そして当然、隣で眠っているアルスは、確認するまでもなく上半裸であることは確定している。ローブでは隠れ切れていない足がロキに嫌な想像を膨らませていた。
見回す必要などなく、この場には枝や突き出た壁面に掛けられた衣類が、眠っている二人の状態を明らかにしている。

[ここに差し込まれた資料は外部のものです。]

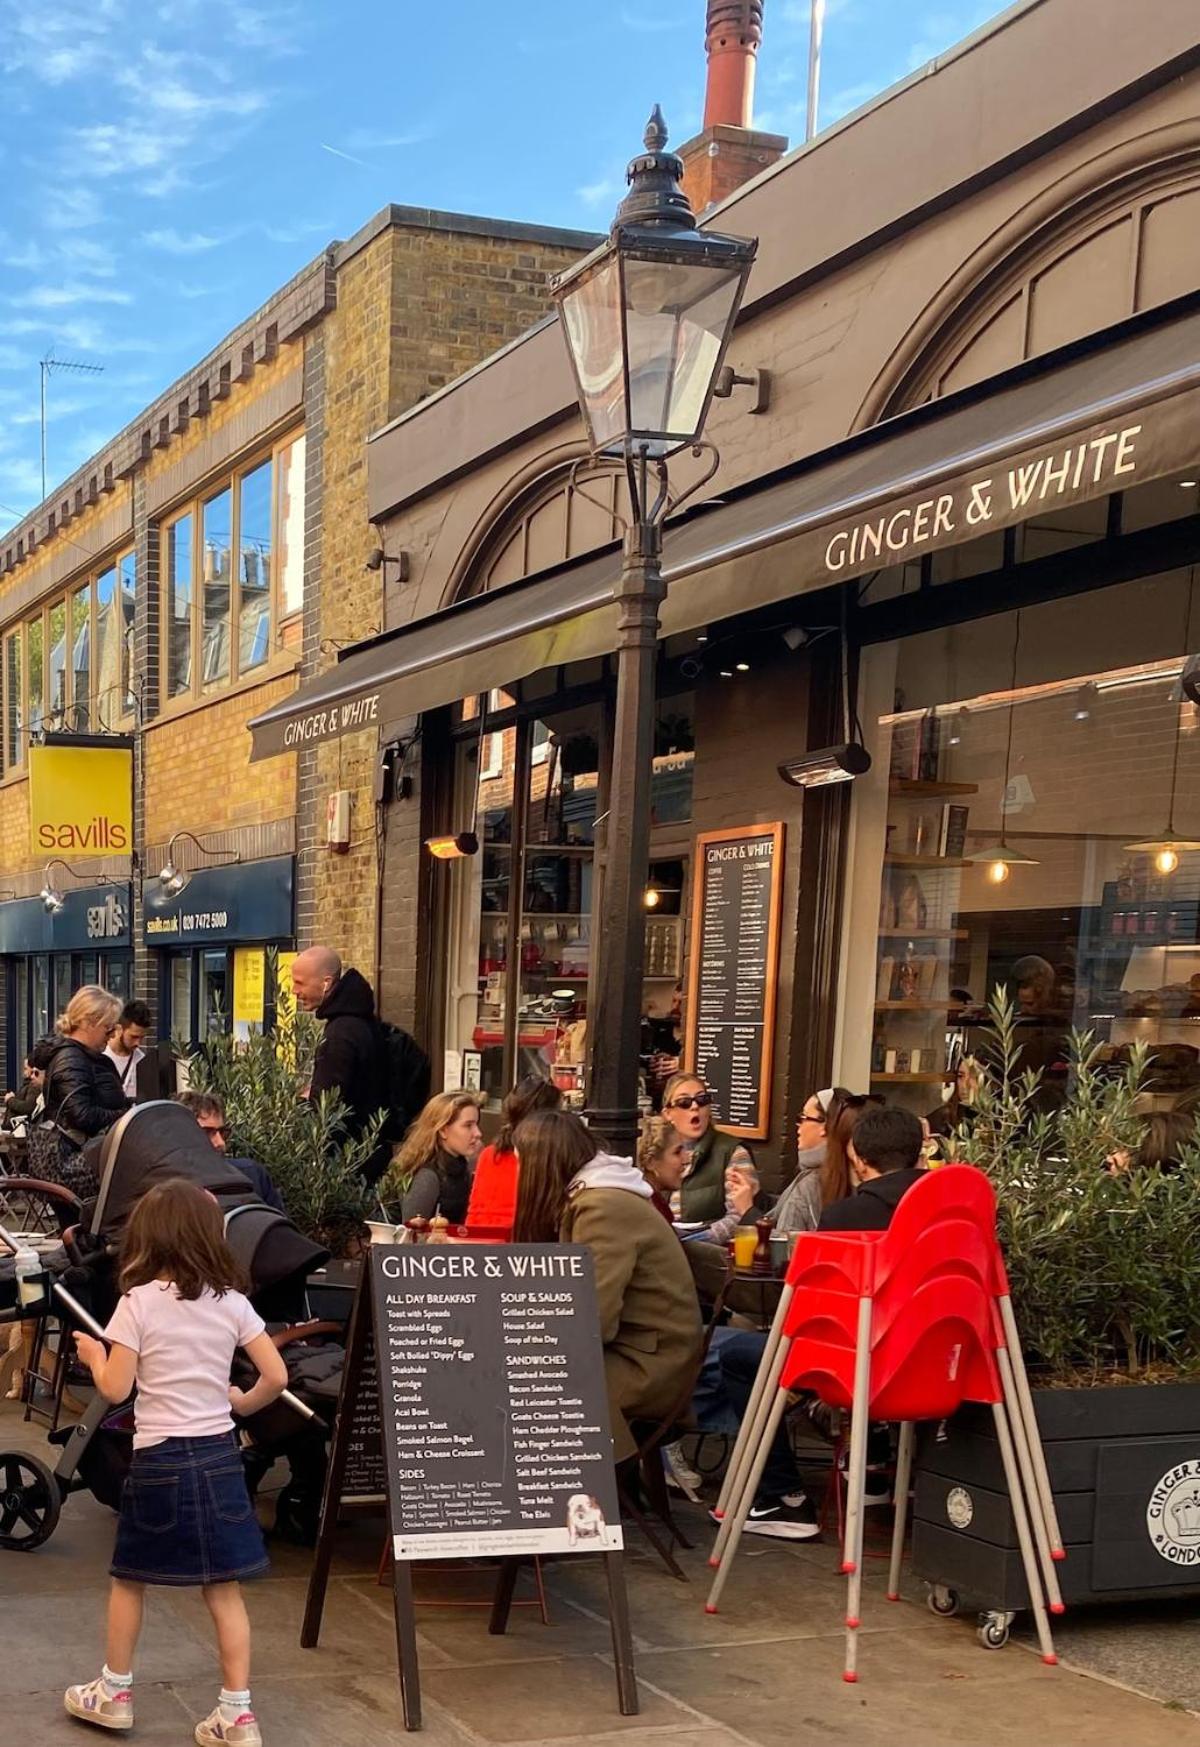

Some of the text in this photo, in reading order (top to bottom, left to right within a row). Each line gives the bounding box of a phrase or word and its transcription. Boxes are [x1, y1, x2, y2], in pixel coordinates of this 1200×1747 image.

アルスのズボンや上着、そういった諸々は今彼の身体から離れた位置にある。そして上手く隠したつもりかは知らないが、テスフィアの上着の内側から下着だろう一部が覗いていた。
程なくしてアリスも内部を窺い見るように顔を出す。
そして「あれれ?」と思考がショートしたような声を上げた。状況の整理ができないのはアリスだけではなく、寧ろアリス以上にロキは口をパクパクさせて膝をついた。
「ん、何? もう朝?」陽の光に目を細めてテスフィアが起き上がろうとした直後。
「ななななな、ま、まさか子作りですかッ!!!」
狭い洞窟内部にロキの悲痛な叫びが響いたのであった。